En danse, plus encore qu’au théâtre, le rôle d’un spectacle n’est pas de nous abreuver de thèses ni de certitudes. Sa valeur nutritionnelle pour nos méninges est proportionnelle à la pertinence des questions soulevées, comme à notre volonté de se laisser traverser par elles. Et cette propension dépend à son tour de la manière dont on nous secoue dans notre fauteuil, gentiment, constructivement… Aussi, dans Transversari, quand Lorenzo De Angelis traverse états et époques, fantasmes, peurs, solitudes et rébellions, nous ne pouvons que nous interroger sur notre monde, à partir de quelques piliers de l’histoire littéraire, par exemple. Mais jusqu’où pouvons-nous ici faire confiance aux images ? Au début, derrière un écran de la taille d’un affichage publicitaire géant, se dessine la silhouette noire d’un homme – ou peut-être d’une femme, d’une tête ou peut-être d’un dos, coiffé d’un baluchon ou d’un tutu, c’est selon. Ce théâtre d’ombres contemporain et ambivalent, qui flirte avec l’abstraction, n’a pourtant rien d’une stylisation à la Bob Wilson. On se croirait plutôt au carnaval…

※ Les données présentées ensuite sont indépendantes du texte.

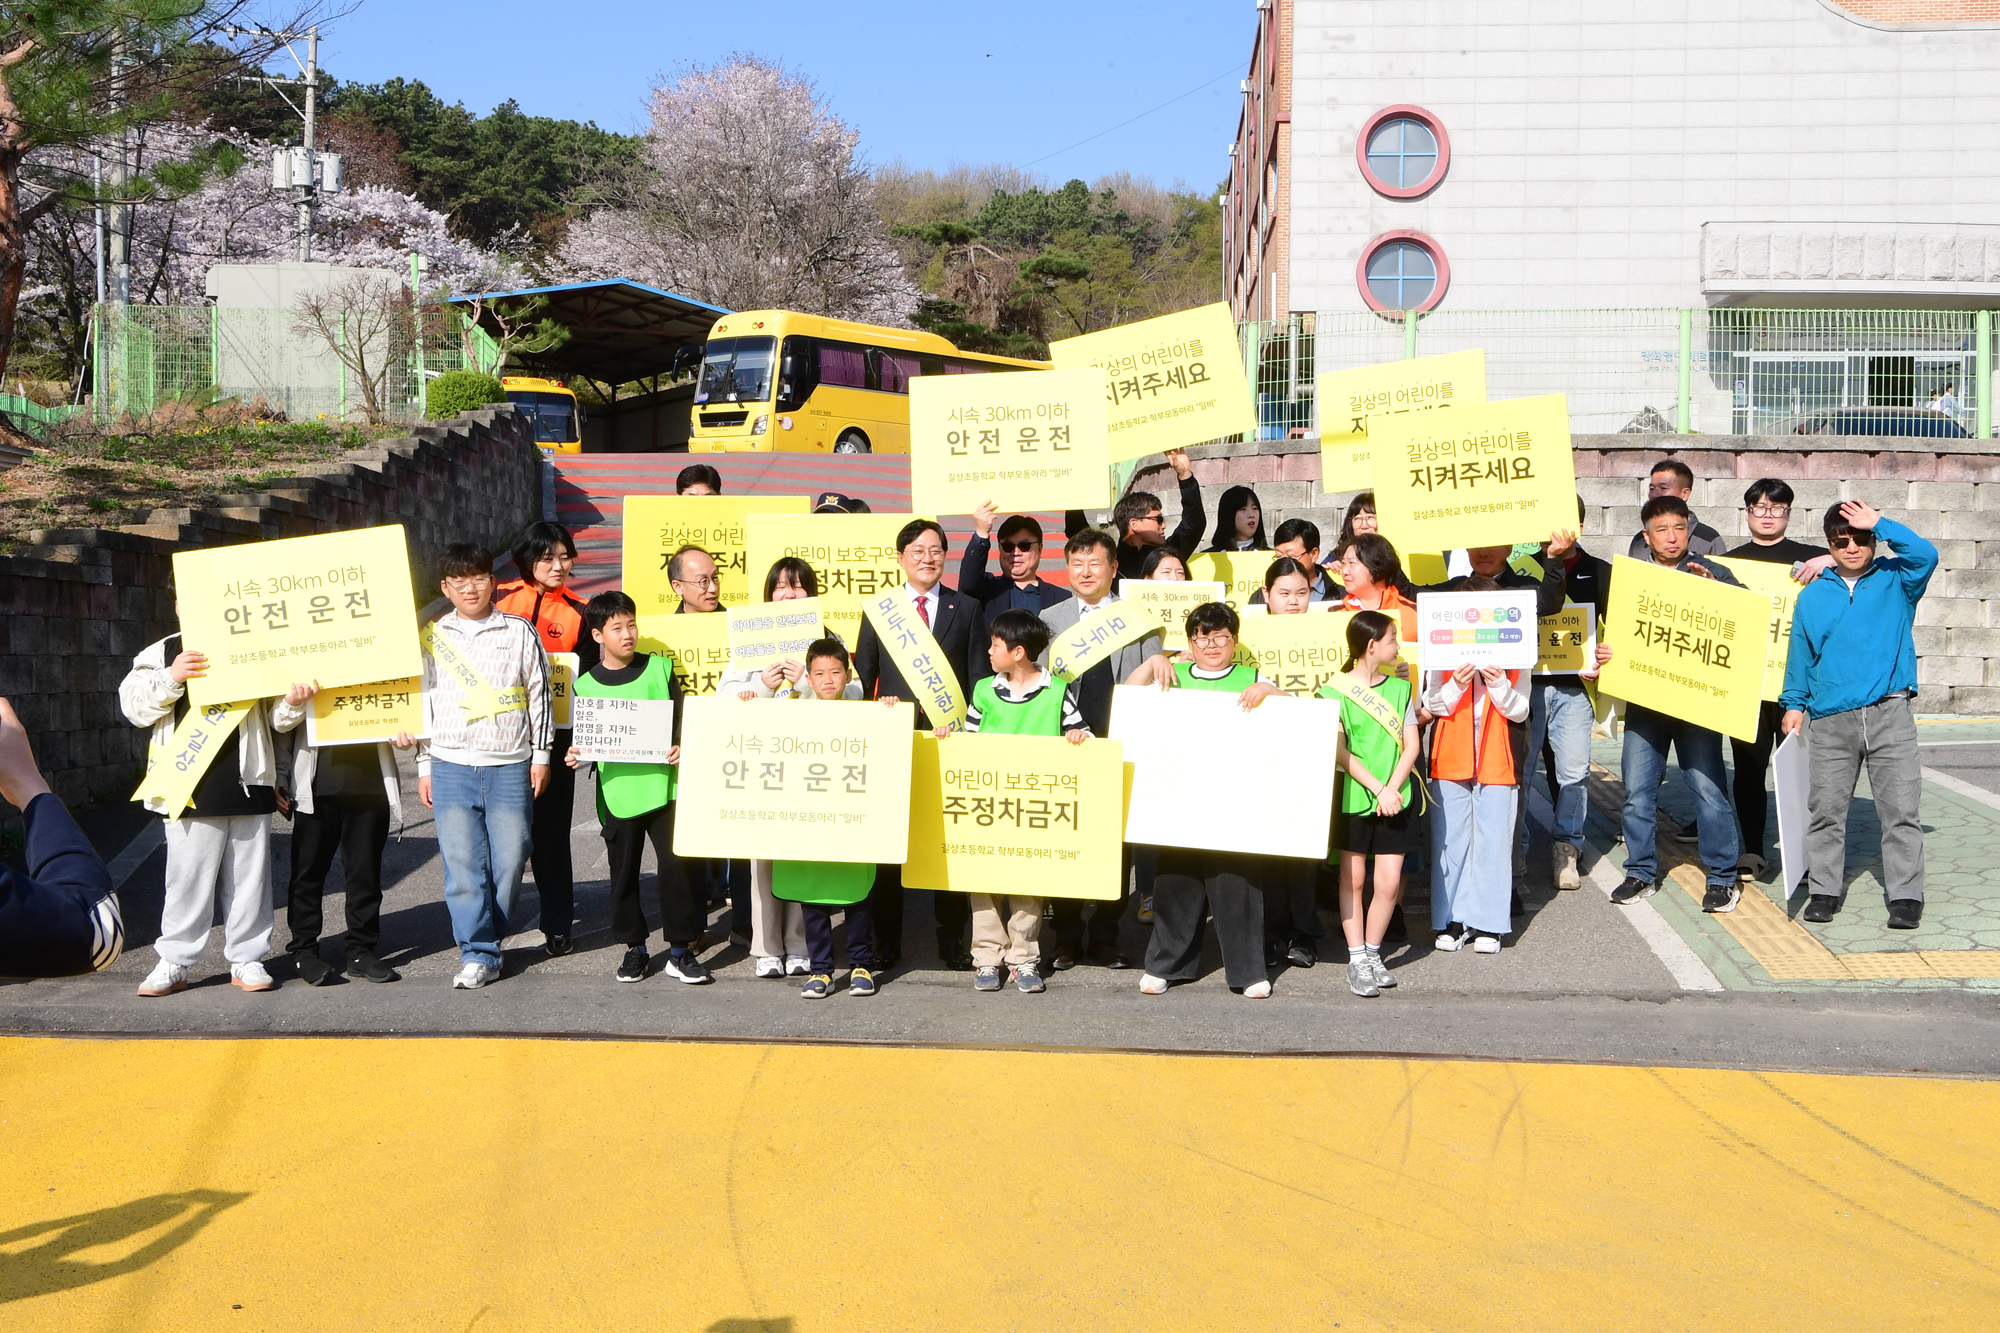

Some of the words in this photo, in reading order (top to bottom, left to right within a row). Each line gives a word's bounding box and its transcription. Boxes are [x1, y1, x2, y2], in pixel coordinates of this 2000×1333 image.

[1141, 338, 1204, 367] 어린이를
[1350, 393, 1391, 412] 길상의
[1396, 382, 1454, 404] 어린이를
[948, 406, 981, 425] 시속
[985, 405, 1032, 422] 30km
[1036, 402, 1070, 421] 이하
[1149, 404, 1194, 422] 학부모동아리
[1406, 438, 1457, 463] 길상의
[1462, 430, 1532, 456] 어린이를
[948, 472, 996, 483] 길상초등학교
[998, 469, 1047, 480] 학부모동아리
[1409, 456, 1536, 493] 지켜주세요
[1412, 507, 1462, 521] 길상초등학교
[1463, 501, 1513, 515] 학부모동아리
[660, 527, 707, 546] 길상의
[713, 527, 747, 546] 어린
[223, 580, 262, 600] 시속
[267, 573, 323, 594] 30km
[327, 564, 366, 586] 이하
[1141, 592, 1159, 602] 시속
[1164, 592, 1189, 602] 30km
[1193, 593, 1211, 603] 이하
[733, 616, 774, 632] 아이들은
[775, 612, 817, 628] 안전보행
[1562, 615, 1580, 627] 이하
[1637, 594, 1677, 623] 길상의
[1680, 606, 1736, 641] 어린이를
[229, 648, 287, 665] 길상초등학교
[289, 639, 347, 656] 학부모동아리
[735, 643, 776, 658] 어른들은
[1633, 619, 1732, 670] 지켜주세요
[878, 597, 918, 650] 모두가
[912, 653, 955, 714] 안전한
[1629, 659, 1667, 680] 길상초등학교
[1668, 672, 1708, 693] 학부모동아리
[334, 692, 410, 712] 주정차금지
[576, 698, 605, 709] 신호를
[609, 700, 638, 711] 지키는
[348, 718, 380, 727] 길상초등학교
[382, 717, 399, 725] 학생회
[575, 710, 598, 721] 일은,
[575, 722, 604, 735] 생명을
[608, 724, 637, 735] 지키는
[175, 728, 209, 772] 길상
[574, 735, 622, 747] 일입니다!!
[726, 733, 764, 755] 시속
[769, 736, 824, 755] 30km
[830, 737, 869, 758] 이하
[945, 769, 999, 791] 어린이
[1004, 772, 1078, 796] 보호구역
[719, 809, 776, 821] 길상초등학교
[779, 811, 836, 823] 학부모동아리
[942, 795, 1079, 831] 주정차금지
[941, 843, 996, 856] 길상초등학교
[997, 846, 1052, 859] 학부모동아리
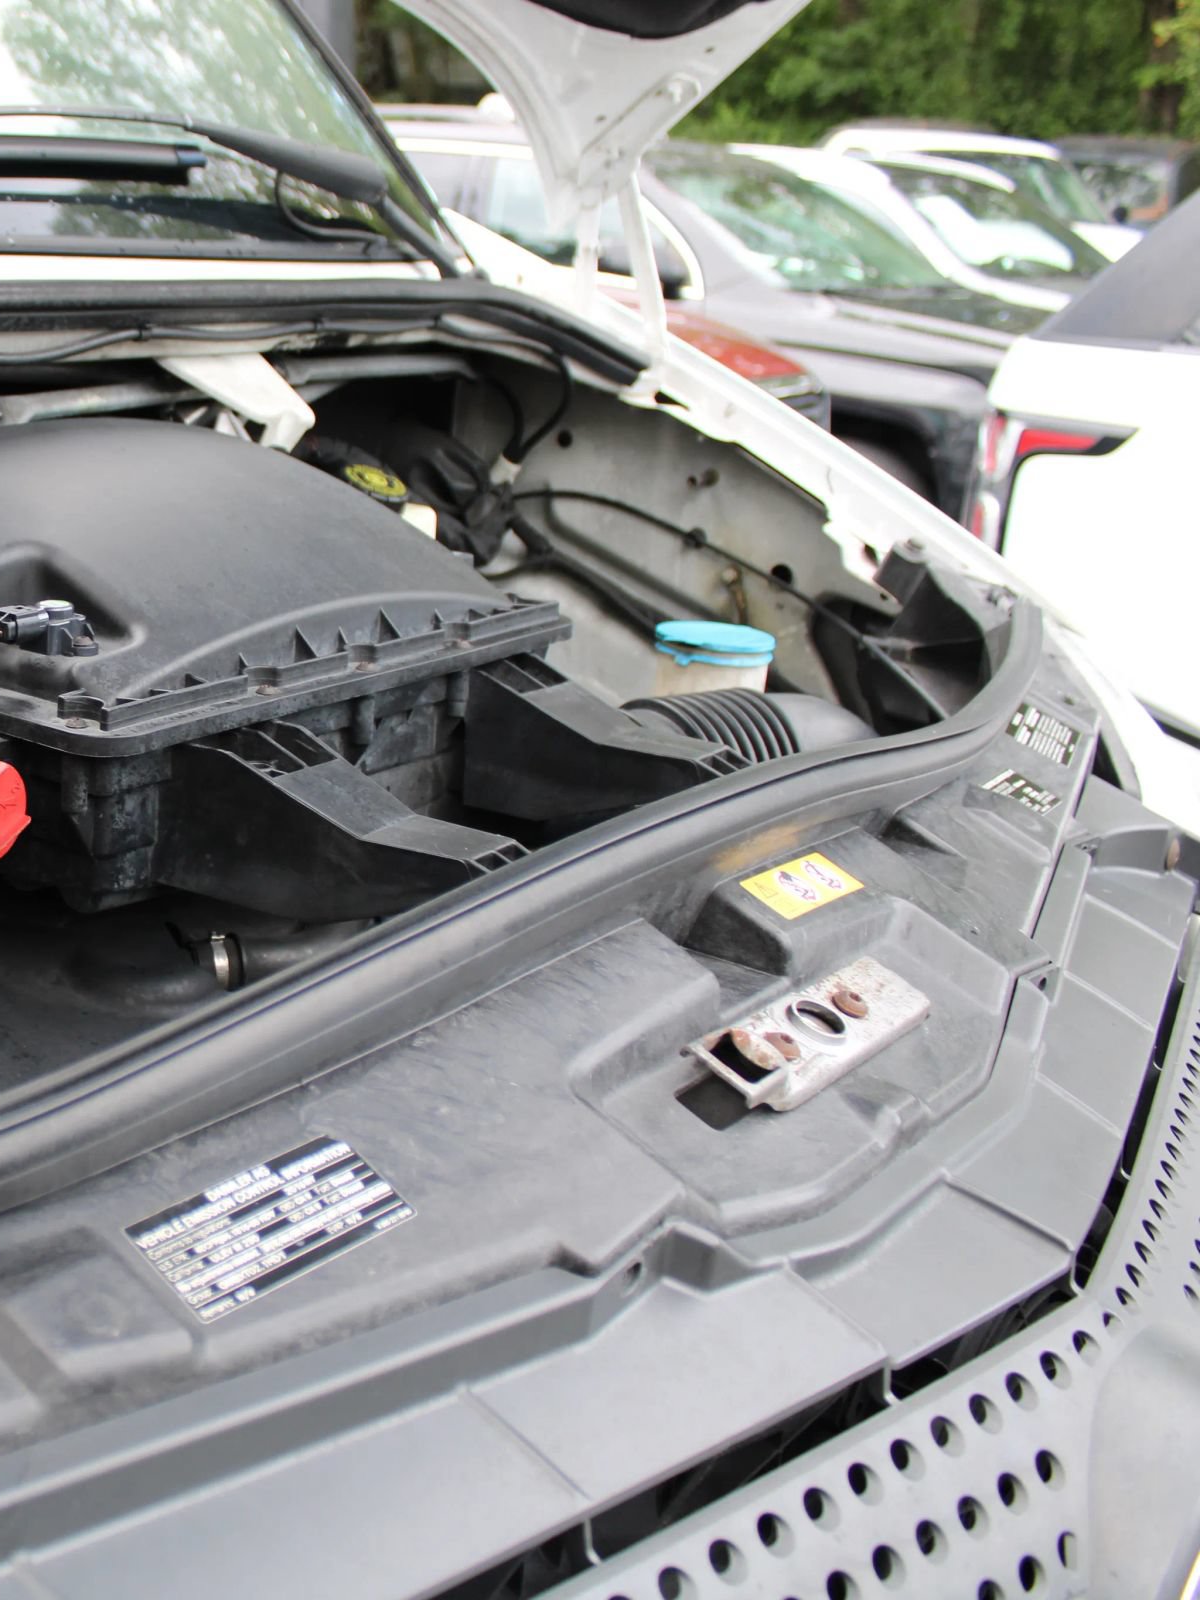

Et voilà que cet homme sort du cadre de l’écran comme pour entrer dans un roman du XVII siècle, à Venise ou Salamanque, chevalier tragicomique à moitié déchaussé, anti-héros d’un rêve absurde. Vient-il de traverser un roman ou s’est-il laissé traverser par un fantasme romantique ? Il enlève alors sa collerette, son épée et quelques autres parures médiévales, mais pas son masque. Pas encore… Cette seconde peau qui couvre son visage le rend mystérieux, inquiétant, troublant, surtout quand il se trouve entre ses quatre murs. Chaque geste du quotidien, aussi banal soit-il, attire alors l’attention et devient extra-ordinaire. Se laver les mains, obsessionnellement, cuisiner, écrire face à l’écran, jouer avec la télécommande ou la console… En ombre chinoise, avec la maîtrise acquise par De Angelis au cours de sa belle carrière de danseur, chaque geste évoque un possible Nosferatu, un Monsieur K ou tout personnage sorti de quelques dystopies futuristes. Est-il victime d’un isolement subi ? Un hikikomori ? Un sage travailleur-consommateur ? Ou bien un danger potentiel ?
Son côté automate impose la question de ses états émotionnels : Sont-ils réels ou des projections de notre part ? Est-il authentique seulement quand il tire sur ses voisins ? Ou s’égare-t-il dans les délires qu’il consomme sur les écrans et qui le traversent avec leur violence ? Vincent Thomasset, ici autant metteur en scène que chorégraphe, évoque les dysfonctionnements chez les hikikomori, ces reclus qui vivent la nuit et communiquent uniquement par internet : « Ils sont souvent activistes, mais ne savent se relier physiquement au monde. Certains comparent leur état mental à celui des anorexiques. » Le personnage de Transversari (être traversé) vit une perte d’identité et lutte pour se réapproprier son existence, ses rêves, ses gestes… Intrigant à plus d’un titre, ce solo interroge la perte de nos âmes et de nos envies dans le mode de vie que nous avons créé ou accepté, déléguant nos émotions à l’industrie visuelle qui répand sa poudre de perlimpinpin. Ni danse, ni théâtre, ni mime par ailleurs, Tansversari se laisse traverser par les genres, nous éclairant en brouillant nos certitudes. Et se termine par une révolte qui redonne espoir.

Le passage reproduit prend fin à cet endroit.